February 6th, 2011

ZOMBIE JESUS

Saturdays are ARSE.

So this Saturday was pretty much an utter washout for about a hundred reasons, but let's just start off with the events only a few hours after it started.

Living in a city centre flat it's not unusual for cunts druken clubbers to press the intercom every so often at unsocial times in the night. The sound this thing makes is probably louder than the fire alarms, but thankfully I have developped a tolerance of about 1 or 2 buzzes before I wake up with a shock and that shit drops like it's hot when I'm woken up.

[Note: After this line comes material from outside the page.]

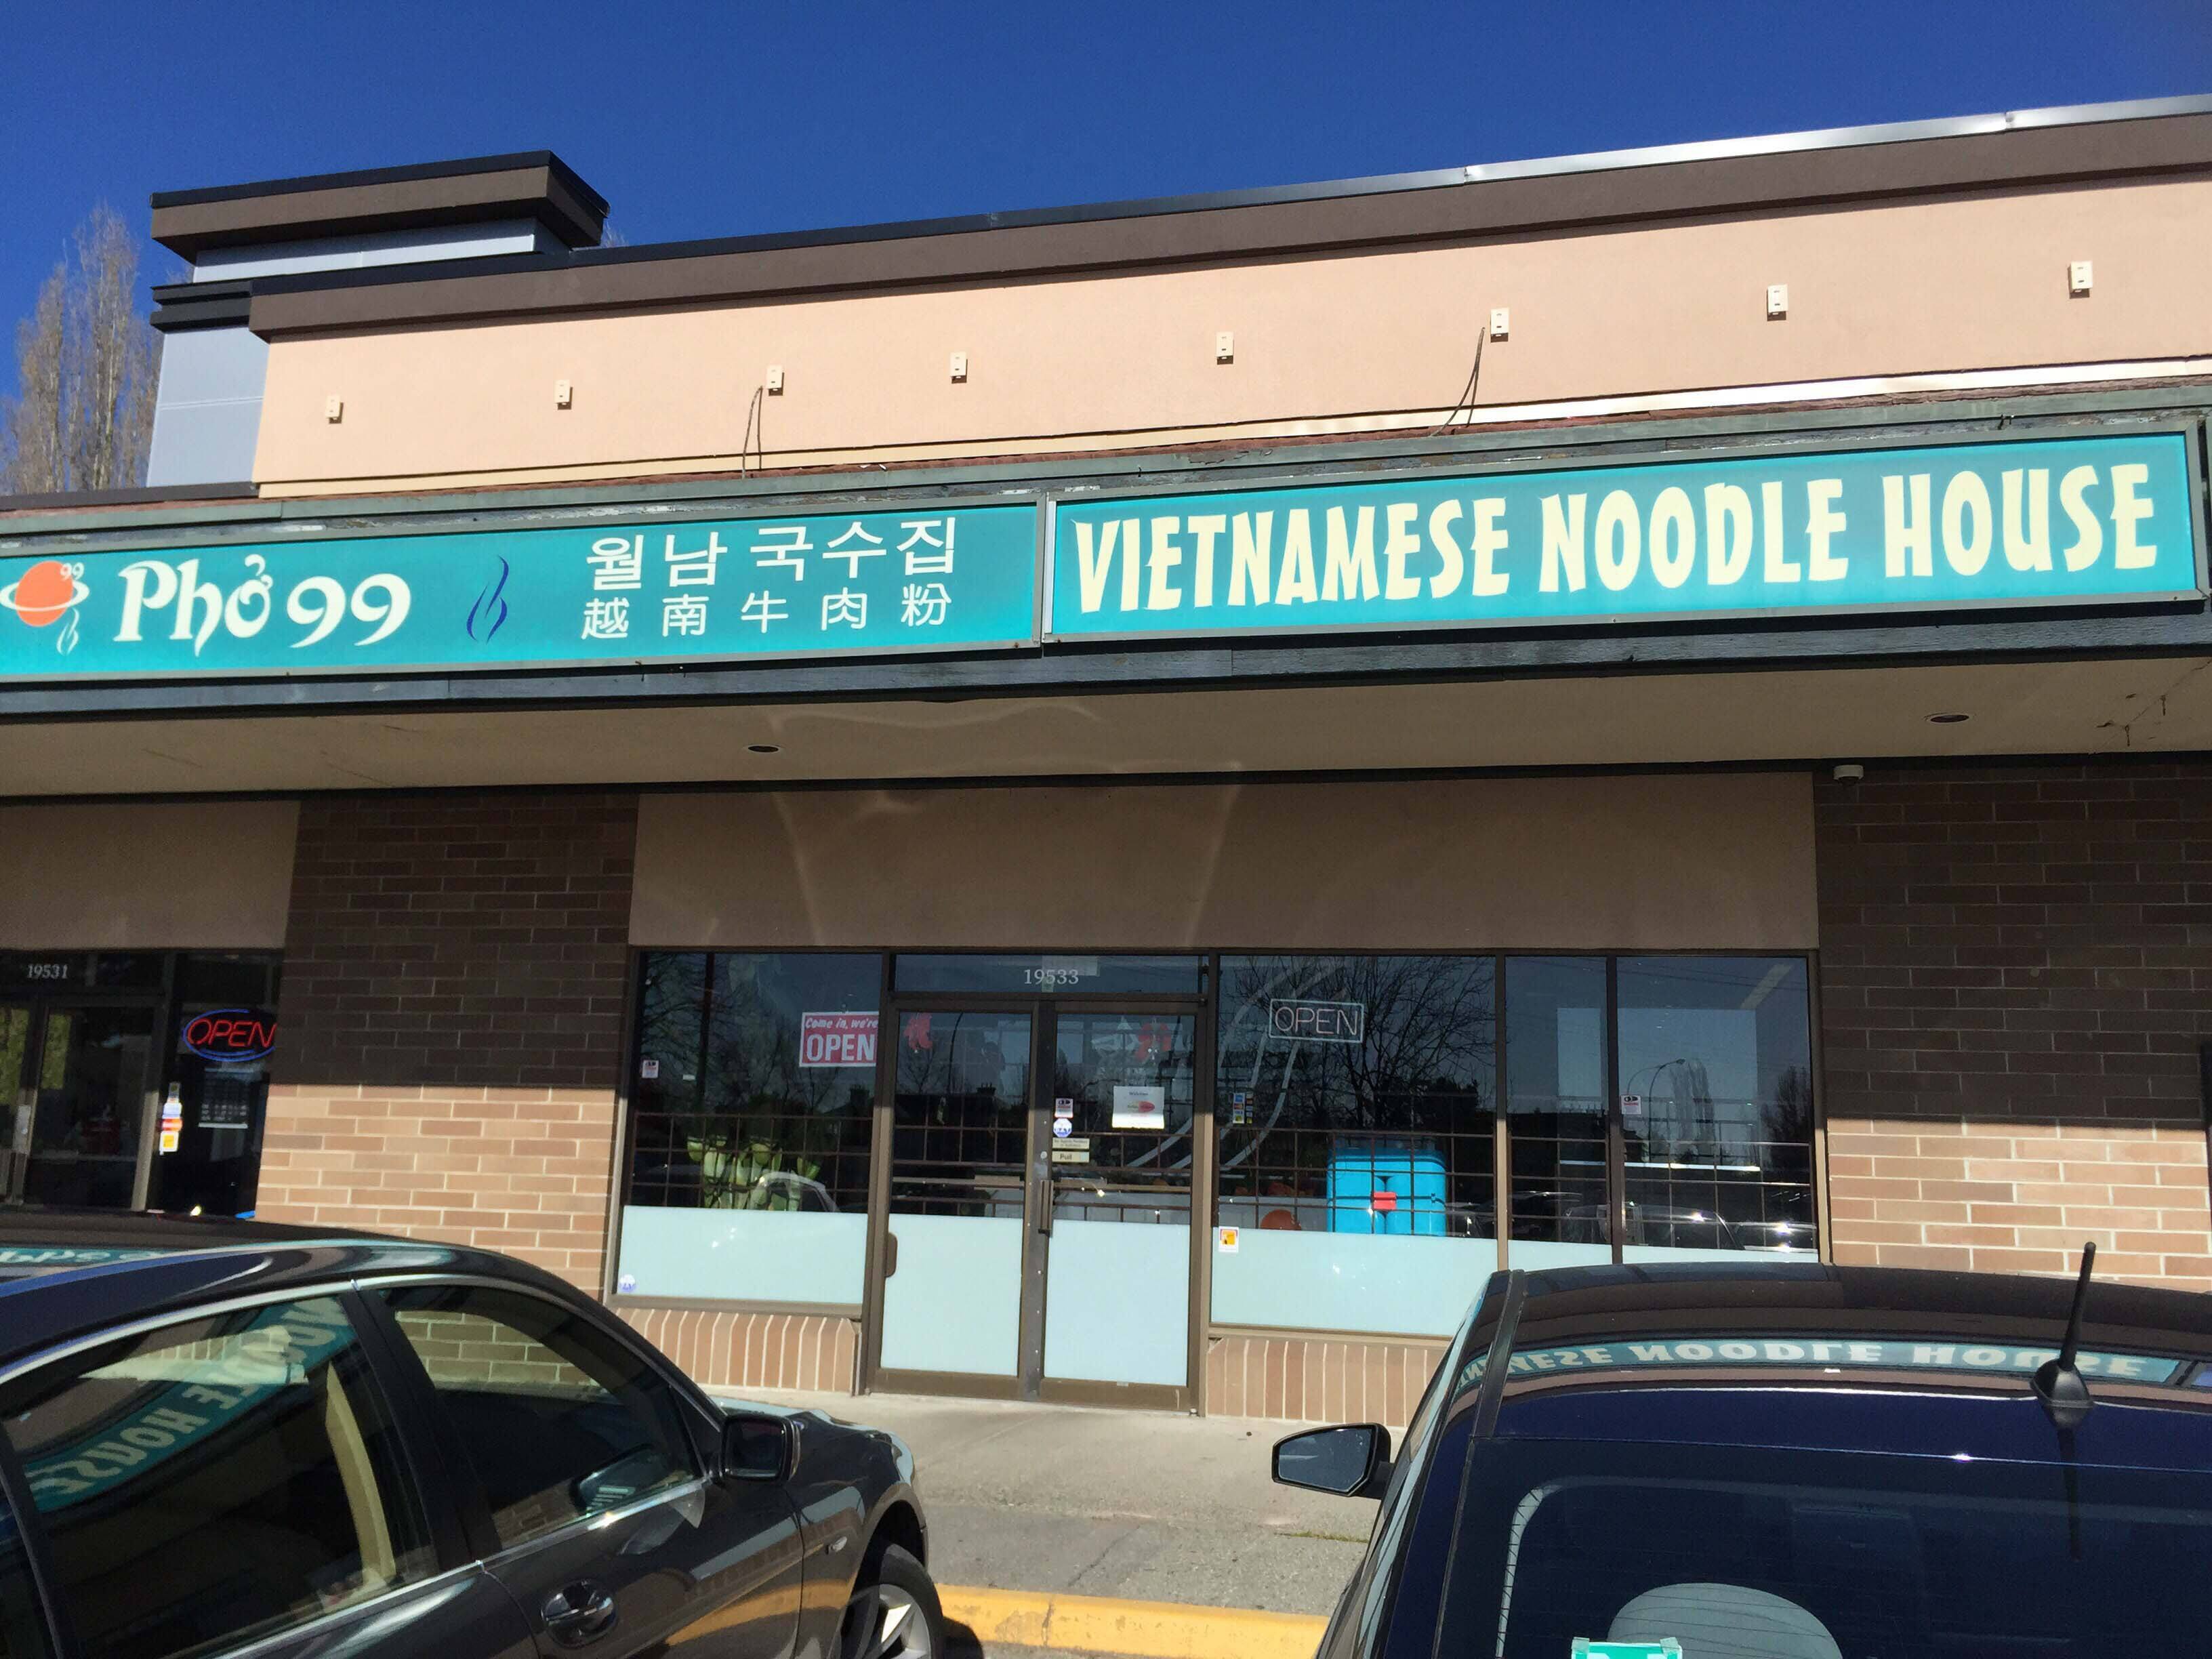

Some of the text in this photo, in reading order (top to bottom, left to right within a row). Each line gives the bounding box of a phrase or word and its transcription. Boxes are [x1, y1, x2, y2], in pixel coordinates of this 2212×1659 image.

At 3.21 (I remember this as I used it as a part of a venomous rant) it started buzz Buzz BUZZZZZZZZ BUZZZZZZZZZZZZZZZZZ BUZZZZZZZZZZZZZ I literally jump out of bed, slammed my foot on the floor in shock and ribs screaming out like I just been punched. I came up to the intercom and blasted out WHAT THE FUCK DO YOU FUCKING WANT, IT'S THREE-TWENTY-FUCKING-ONE IN THE MORNING?!?!?//1/1/1/ONEONEONE she replies I want to speak to Keith, I know he lives on this road, I need to speak to him! I've just been mugged and I want to speak to Keith! at this point I enabled tolerance mode, he's not in this flat, I think he's either 4 or 1. Do you need the police? she replies No, I want Keith, I want to speak with Keith. Which button are you so I don't press you again, Keith lives on this street! I tell her I'm the second button to the top and I leave her to it.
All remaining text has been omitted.